The table below shows the initial PCD that was conveyed to flat buyers during the sales launch was around the first and second quarter of 2021, despite the DPD being between March and June 2022. While residents would not be compensated for any changes to the PCD, they can expect compensation if they do not receive possession of the unit by the DPD, as it is for this project. The amount of compensation that each resident is entitled to would depend on the selling price of the flat and the length of delay beyond the DPD.

Source: HDB

Once the DPD has passed, as in the case of Waterway Sunrise II, then flat buyers can only look at the latest Probable Completion Date (PCD) for guidance and tracking of the project’s completion. For these flat buyers, the PCD will then become the critical date to take note of.

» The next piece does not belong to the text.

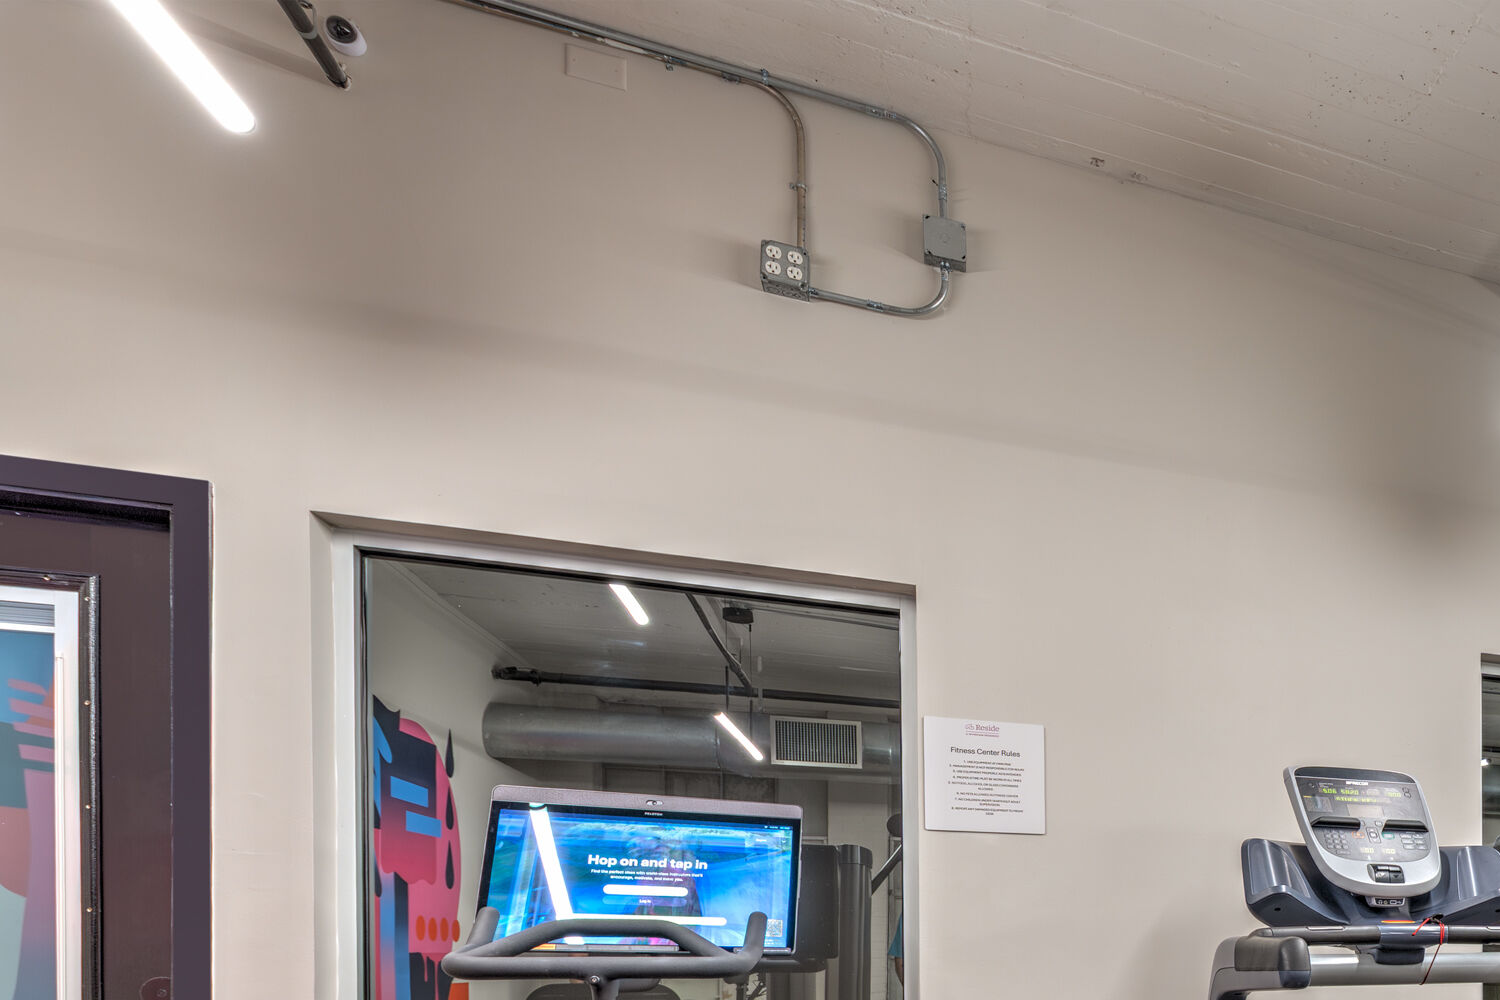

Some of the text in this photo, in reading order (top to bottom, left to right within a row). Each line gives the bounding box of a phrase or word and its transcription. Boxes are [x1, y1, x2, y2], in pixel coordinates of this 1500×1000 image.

[975, 724, 1000, 732] Reside
[950, 746, 1021, 758] Fitness Center Rules
[587, 854, 708, 871] Hop on and tap in

Read Also: Why It Doesn’t Make Financial Sense To Give Up Your HDB BTO Flat Due To Construction Delays

#2 Temporary Occupation Period Date

During a project’s construction phase, flat buyers would be keen to keep track of the Temporary Occupation Period (TOP) date. When a new project receives TOP, it means that new flat owners will be able to occupy their unit even if the project’s development, such as the surrounding amenities or landscape work, is not completely finished. It is for this reason that the TOP date is viewed more significantly by homeowners than the legal completion date.

The TOP date could also coincide with the key collection date for some homeowners.

Read Also: Will Your HDB BTO Key Collection Date Be Delayed, And Can You Further Defer?

#3 Lease Commencement Date

Another important date that homeowners should take note of is the lease commencement date. It can be simply thought of as the month and year from when the lease (i.e., 99-year lease, 999-year lease, or freehold) on the property starts. This is critical to take note of as it determines when the tenure of the property starts and, therefore, the age of the property.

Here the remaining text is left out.